Once enabled, Amazon Redshift logs information in the following log files:
* **Connection log** : authentication attempts, and connections and disconnections.
* **User log** : information about changes to database user definitions.  [Not used in this lab]
* **User activity log** : logs each query before it is run on the database.

Redshift Audit logs use multiple formats:
* **Connection log** files use a pipe delimited flat file format. 
* **User activity log** files do not have explicit delimiters, you will use a regular expression to define the fields. 

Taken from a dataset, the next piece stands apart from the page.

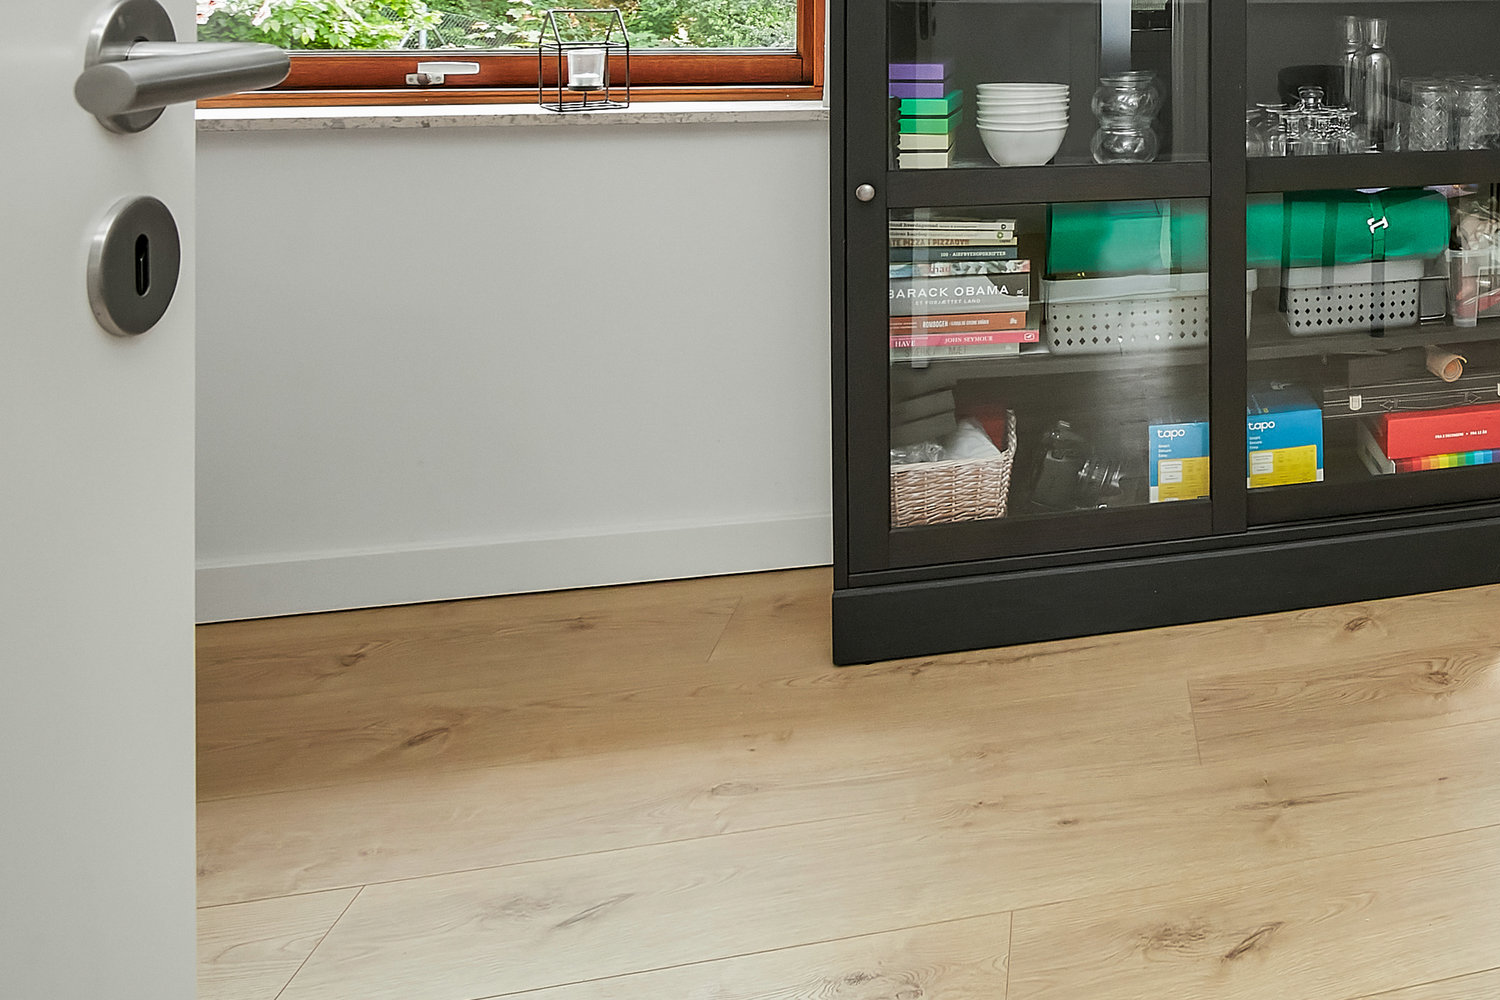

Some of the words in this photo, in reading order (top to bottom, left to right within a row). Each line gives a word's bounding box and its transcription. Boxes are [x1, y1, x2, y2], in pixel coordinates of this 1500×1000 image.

## 1. Check for credentials file
Check for the credentials created in the `START_HERE` notebook.

In [None]:
%%bash
cat ant404-lab.creds

## 2. Set local variables from credentials file
Run this `cell` to import the credentials created in `START_HERE` notebook into this notebook. Later cells rely on these variables.

In [None]:
import simplejson
with open("ant404-lab.creds") as fh:
    creds = simplejson.loads(fh.read())
username=creds["user_name"]
password=creds["password"]
host_name=creds["host_name"]
port_num=creds["port_num"]
db_name=creds["db_name"]

# Example Account, Region, and Cluster values for this lab
log_account=123456789101
region="us-east-1"
cluster_name="reporting-cluster"

# Default date values used to get sample files
audit_year=2019
audit_month=11
audit_day=10 

## 3. Set `env` shell variables with Audit log location elements
Run the `cell` to set these variables in the local shell. Do not quote the `%set_env` variable strings.

In [None]:
%set_env username={username}
%set_env log_account={log_account}

# Default date value used to get sample files
%set_env audit_date={audit_year}-{audit_month}-{audit_day}
%set_env audit_date_path=year={audit_year}/month={audit_month}/day={audit_day}

# S3 bucket for logs 
%set_env log_bucket=redshift-managed-spectrum-datasets-{region}

# S3 prefix path for logs
%set_env audit_prefix=dataset=auditlog/region={region}

# Log file name excluding date
%set_env audit_file={log_account}_redshift_{region}_{cluster_name}_

## 4. List the Audit Logs of each type
Run the following cells to count the Audit Logs of each type and list the first.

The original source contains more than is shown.